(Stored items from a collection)

......

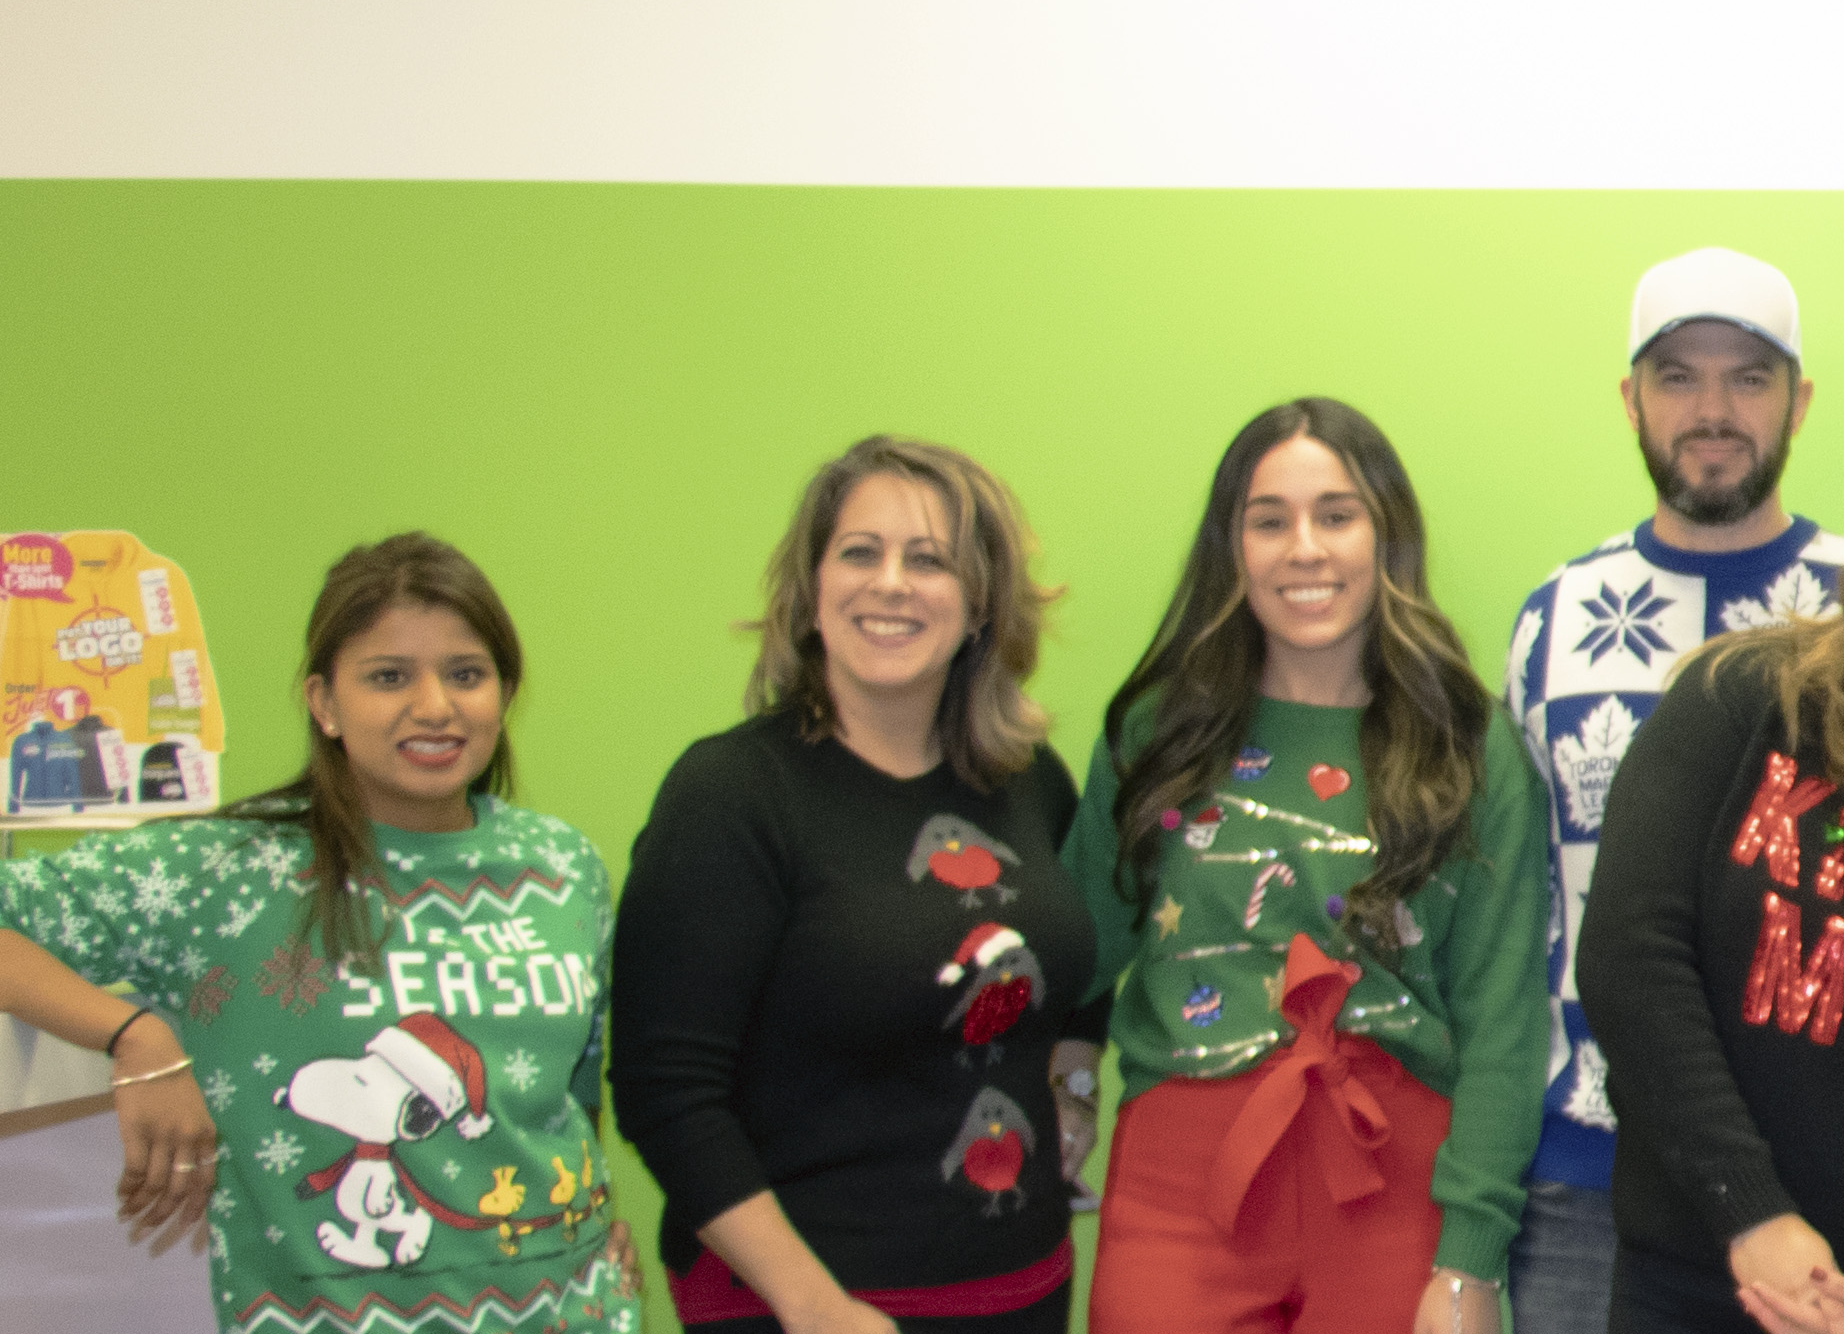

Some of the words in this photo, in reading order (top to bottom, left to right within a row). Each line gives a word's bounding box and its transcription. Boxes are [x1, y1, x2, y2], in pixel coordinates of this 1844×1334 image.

[3, 543, 52, 564] More
[81, 617, 131, 635] YOUR
[58, 632, 143, 661] LOGO
[55, 689, 76, 720] 1
[462, 917, 547, 953] THE
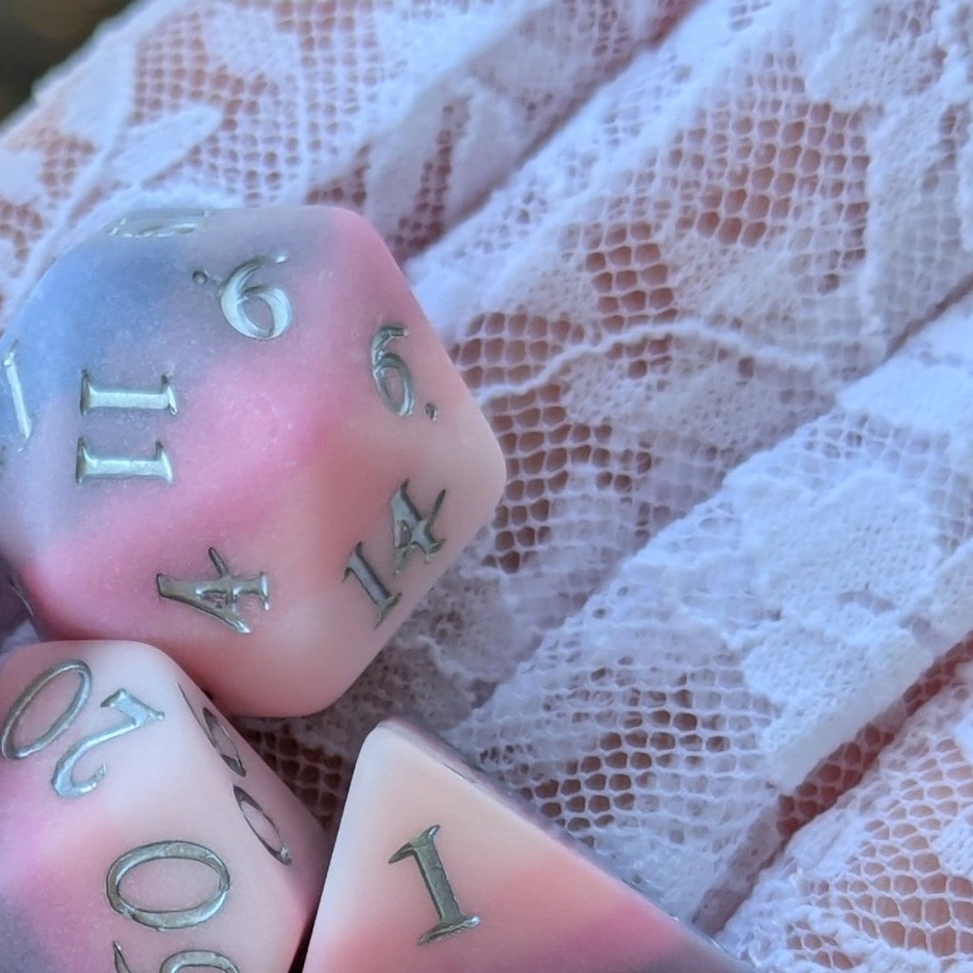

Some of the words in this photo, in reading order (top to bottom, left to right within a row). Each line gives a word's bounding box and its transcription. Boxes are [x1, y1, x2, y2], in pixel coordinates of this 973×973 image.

[75, 367, 180, 486] 11
[154, 545, 272, 635] 4
[339, 478, 448, 632] 14
[387, 823, 482, 947] 1

......

» **WHAT THE TASK ASKS**: Whatever the records hold apart from pictures should be repeated exactly.

» **RESPONSE TO THIS TASK**:
Some of the words in this photo, in reading order (top to bottom, left to right within a row). Each line gives a word's bounding box and its transcription. Boxes are [x1, y1, x2, y2], in pixel coordinates of this 1844×1334 image.

[3, 543, 52, 564] More
[81, 617, 131, 635] YOUR
[58, 632, 143, 661] LOGO
[55, 689, 76, 720] 1
[462, 917, 547, 953] THE

Some of the words in this photo, in reading order (top to bottom, left to right within a row). Each line gives a word's bounding box and its transcription. Boxes are [x1, y1, x2, y2], in pixel coordinates of this 973×973 image.

[75, 367, 180, 486] 11
[154, 545, 272, 635] 4
[339, 478, 448, 632] 14
[387, 823, 482, 947] 1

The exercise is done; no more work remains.